WORK INSTRUCTIONS: Every record below must be retyped exactly, with the pictures left out.

SUPPLIED INFORMATION:
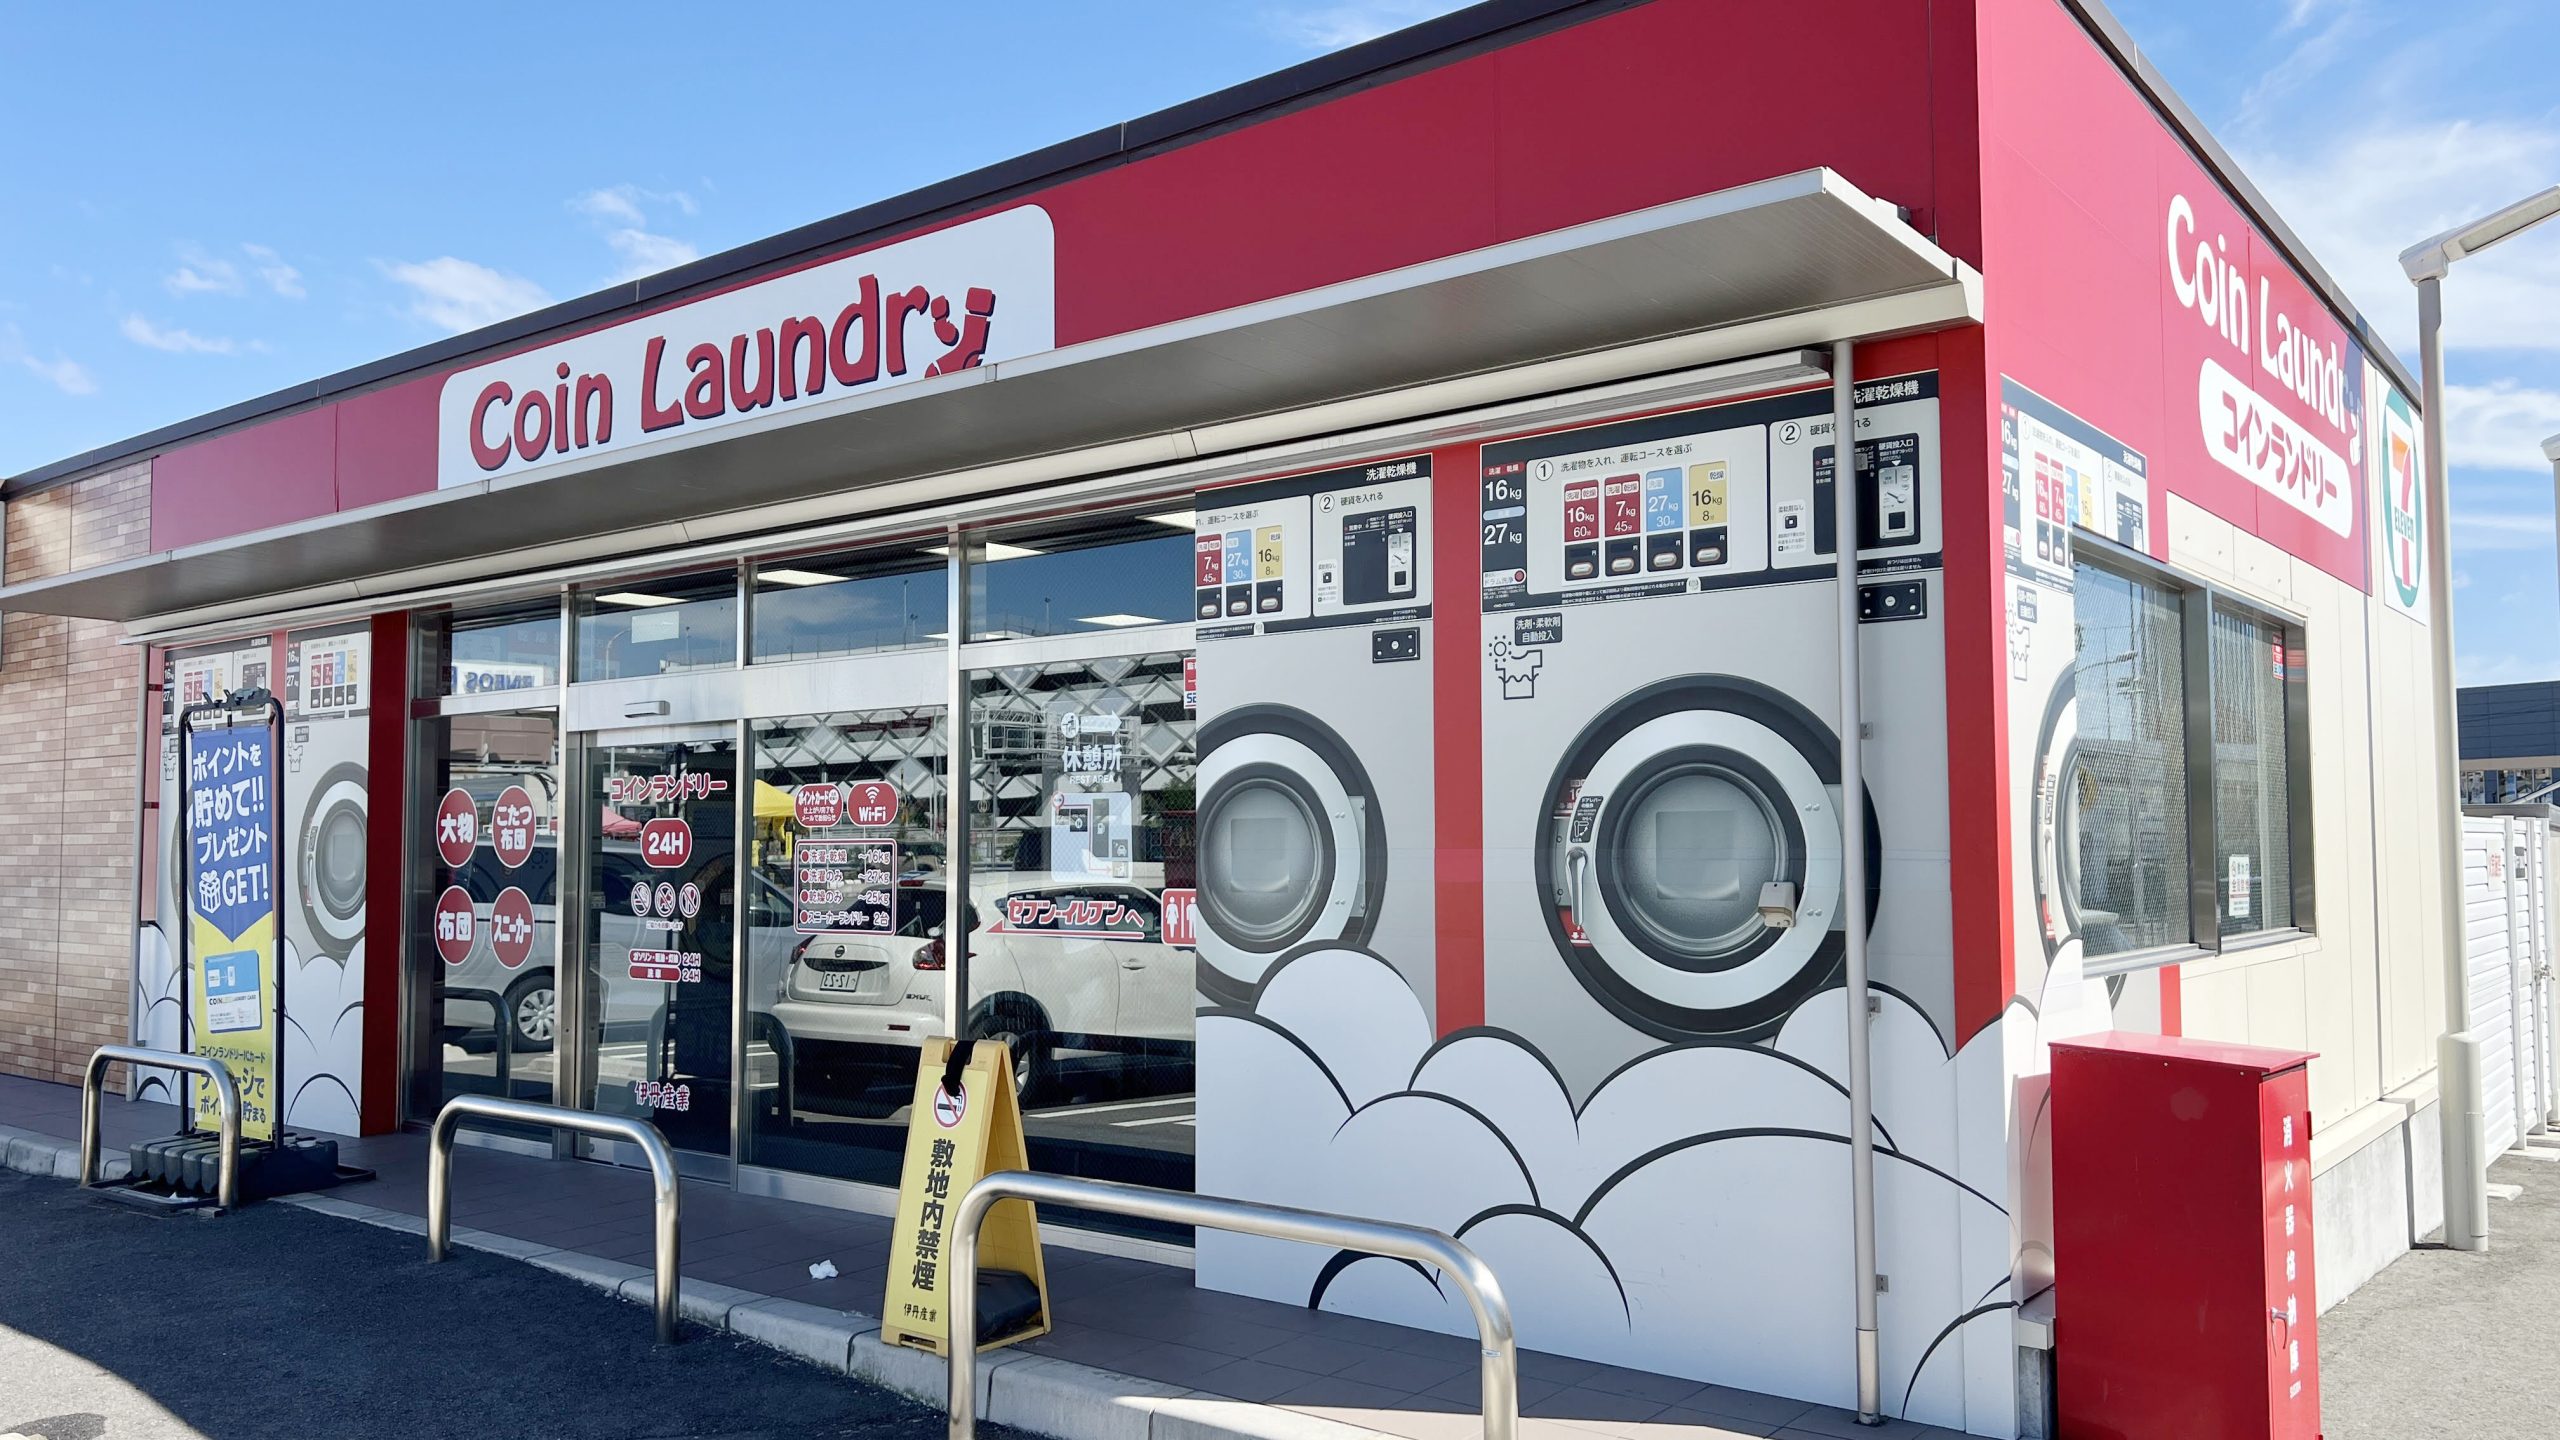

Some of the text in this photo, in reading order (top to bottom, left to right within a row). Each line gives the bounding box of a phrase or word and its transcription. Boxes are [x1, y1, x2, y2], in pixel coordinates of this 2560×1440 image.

[2168, 194, 2363, 467] Coin Laundry
[470, 273, 995, 471] Coin Laundry
[2222, 390, 2338, 509] コインランドリー
[1366, 462, 1417, 481] 洗濯乾燥機
[1340, 491, 1383, 507] 硬貨を入れる
[1648, 495, 1679, 513] 27kg
[1692, 489, 1723, 507] 16kg
[1567, 506, 1595, 523] 16kg
[1616, 501, 1636, 517] 7kg
[1204, 556, 1219, 570] 7kg
[1227, 552, 1249, 567] 27kg
[1521, 629, 1555, 643] 自動投入
[193, 741, 262, 782] ポイントを
[1062, 744, 1122, 772] 休憩所
[611, 772, 727, 802] コインランドリー
[1070, 774, 1115, 784] REST AREA
[496, 804, 533, 827] こたつ
[858, 806, 887, 822] Wi-Fi
[440, 812, 475, 844] 大物
[197, 822, 268, 865] プレゼント
[500, 828, 527, 851] 布団
[648, 831, 684, 855] 24H
[222, 863, 269, 907] GET!
[808, 869, 843, 884] 洗濯のみ
[808, 889, 843, 904] 乾燥のみ
[438, 910, 473, 942] 布団
[493, 912, 532, 944] スニーカー
[808, 911, 890, 926] スニーカーランドリー 2台
[682, 952, 701, 967] 24H
[682, 968, 701, 983] 24H
[200, 1045, 266, 1064] コインランドリーICカード
[634, 1080, 690, 1112] 伊丹産業
[911, 1138, 956, 1291] 敷地内禁煙
[903, 1303, 937, 1323] 伊丹産業
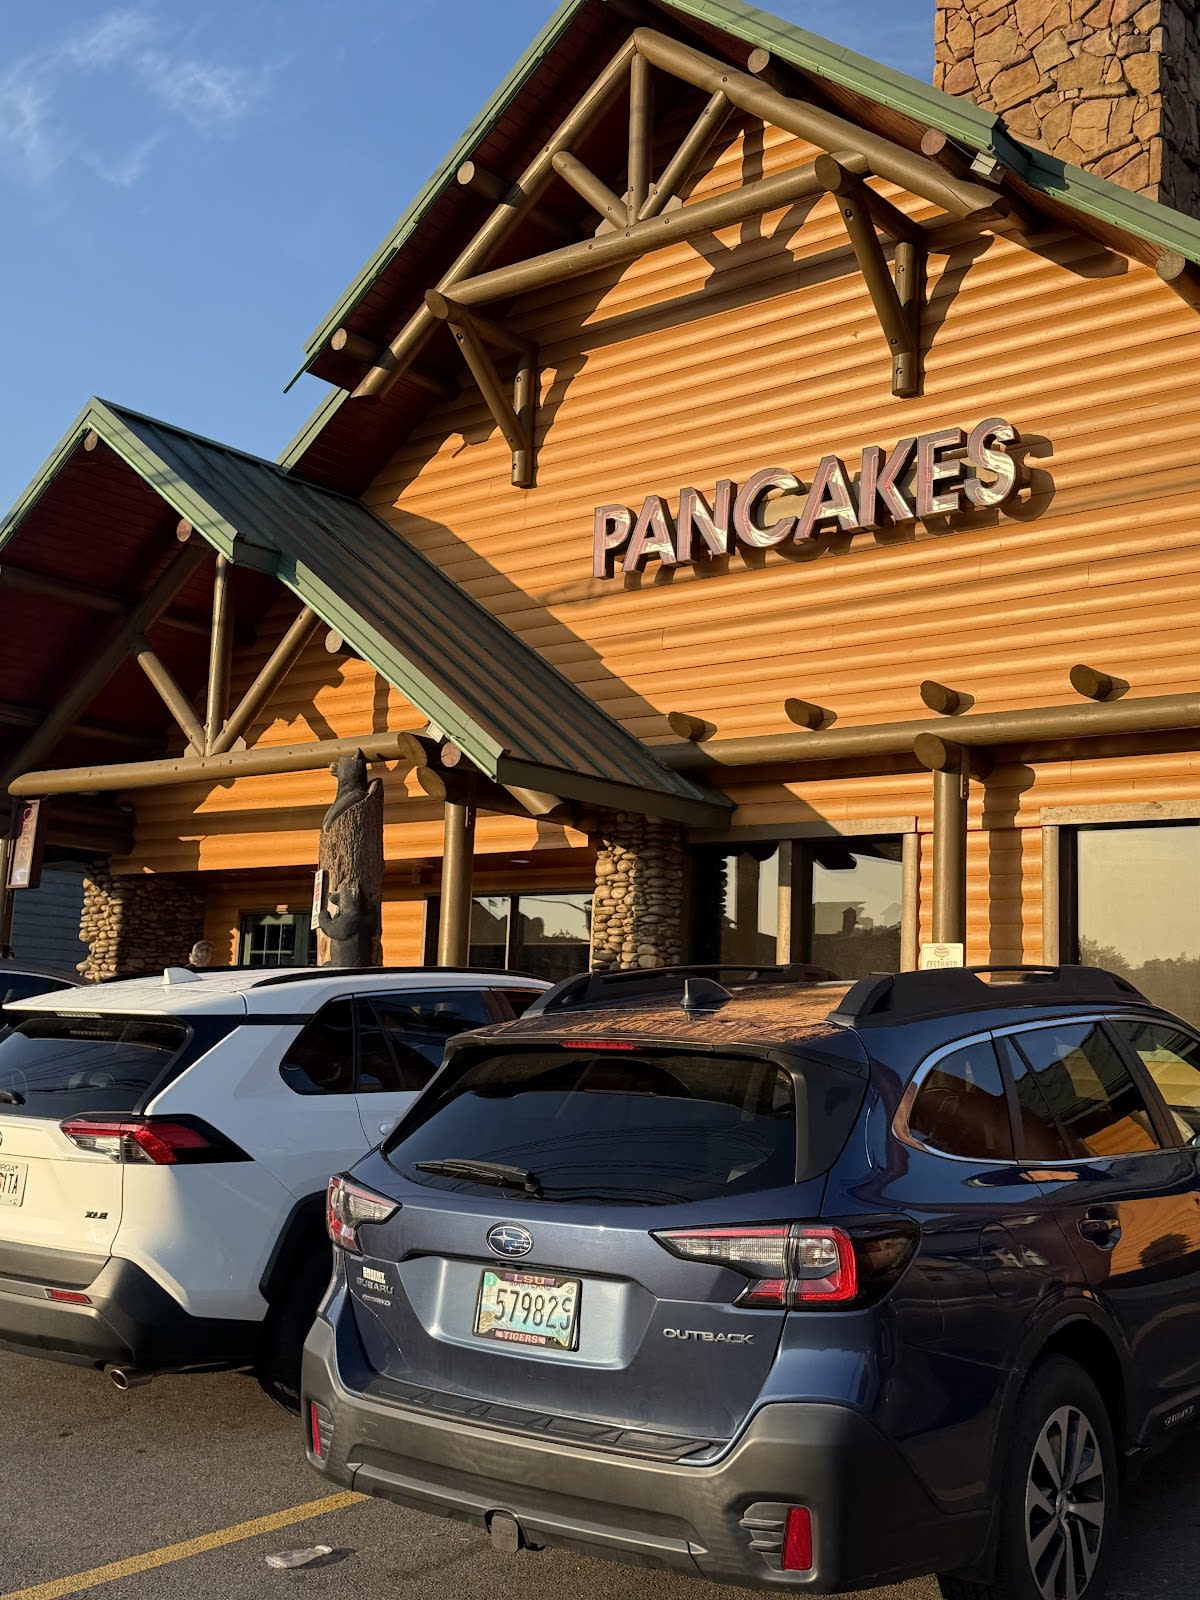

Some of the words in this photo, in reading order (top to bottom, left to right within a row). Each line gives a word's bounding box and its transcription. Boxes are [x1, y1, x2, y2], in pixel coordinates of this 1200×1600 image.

[593, 417, 1021, 579] PANCAKES
[84, 1211, 109, 1220] XLE
[356, 1277, 394, 1294] SUBARU
[512, 1274, 545, 1285] LSU
[502, 1331, 541, 1344] TIGERS
[662, 1327, 755, 1345] OUTBACK
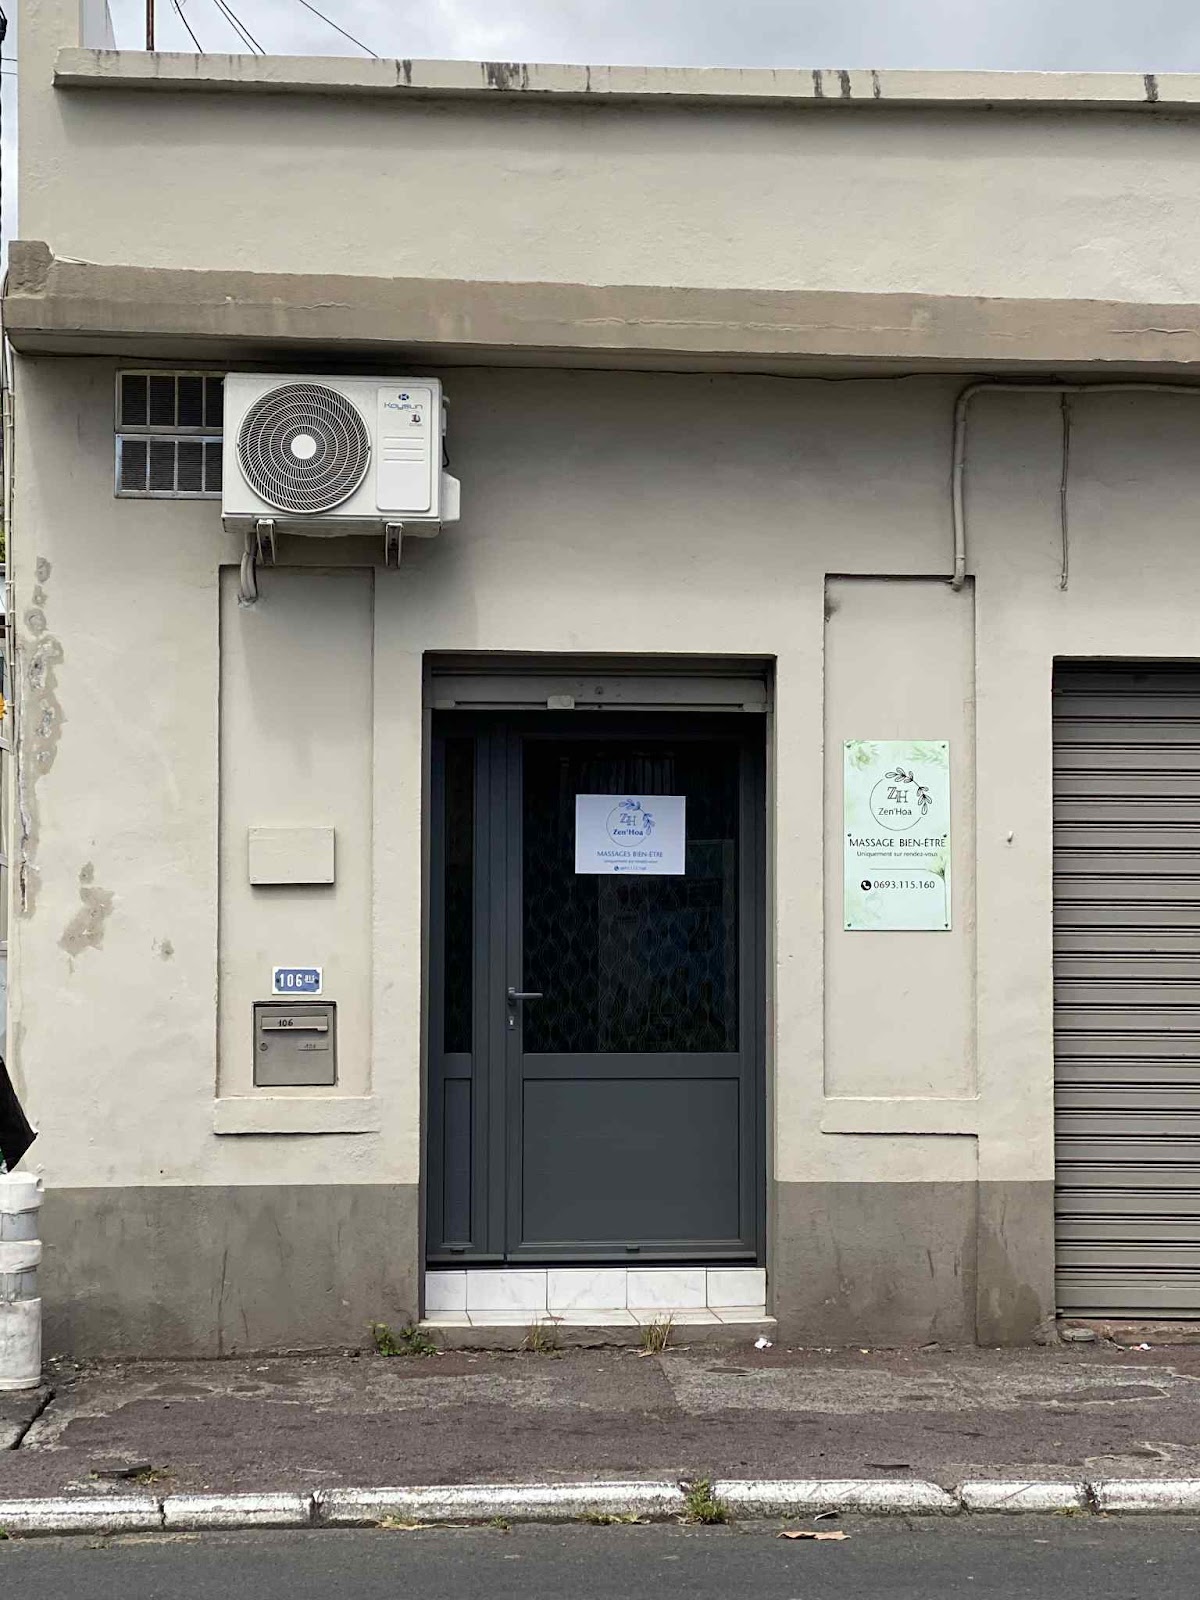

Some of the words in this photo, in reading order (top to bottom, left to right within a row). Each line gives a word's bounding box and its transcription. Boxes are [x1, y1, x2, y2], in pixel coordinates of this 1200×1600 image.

EXPECTED ANSWER:
Some of the text in this photo, in reading order (top to bottom, left to right within a row). Each line gives the bounding box of a phrase or word and its transcription. Boxes are [x1, y1, x2, y2], in pixel coordinates of this 2560×1440 image.

[2168, 194, 2363, 467] Coin Laundry
[470, 273, 995, 471] Coin Laundry
[2222, 390, 2338, 509] コインランドリー
[1366, 462, 1417, 481] 洗濯乾燥機
[1340, 491, 1383, 507] 硬貨を入れる
[1648, 495, 1679, 513] 27kg
[1692, 489, 1723, 507] 16kg
[1567, 506, 1595, 523] 16kg
[1616, 501, 1636, 517] 7kg
[1204, 556, 1219, 570] 7kg
[1227, 552, 1249, 567] 27kg
[1521, 629, 1555, 643] 自動投入
[193, 741, 262, 782] ポイントを
[1062, 744, 1122, 772] 休憩所
[611, 772, 727, 802] コインランドリー
[1070, 774, 1115, 784] REST AREA
[496, 804, 533, 827] こたつ
[858, 806, 887, 822] Wi-Fi
[440, 812, 475, 844] 大物
[197, 822, 268, 865] プレゼント
[500, 828, 527, 851] 布団
[648, 831, 684, 855] 24H
[222, 863, 269, 907] GET!
[808, 869, 843, 884] 洗濯のみ
[808, 889, 843, 904] 乾燥のみ
[438, 910, 473, 942] 布団
[493, 912, 532, 944] スニーカー
[808, 911, 890, 926] スニーカーランドリー 2台
[682, 952, 701, 967] 24H
[682, 968, 701, 983] 24H
[200, 1045, 266, 1064] コインランドリーICカード
[634, 1080, 690, 1112] 伊丹産業
[911, 1138, 956, 1291] 敷地内禁煙
[903, 1303, 937, 1323] 伊丹産業

Some of the words in this photo, in reading order (top to bottom, left to right within a row). Each line gives a word's bounding box and its transcription. Boxes are [x1, y1, x2, y2], in pixel coordinates of this 1200×1600 image.

[593, 417, 1021, 579] PANCAKES
[84, 1211, 109, 1220] XLE
[356, 1277, 394, 1294] SUBARU
[512, 1274, 545, 1285] LSU
[502, 1331, 541, 1344] TIGERS
[662, 1327, 755, 1345] OUTBACK

Some of the words in this photo, in reading order (top to bottom, left to right within a row). Each line gives a word's bounding box and its transcription. Boxes are [x1, y1, x2, y2], in pixel coordinates of this 1200×1600 image.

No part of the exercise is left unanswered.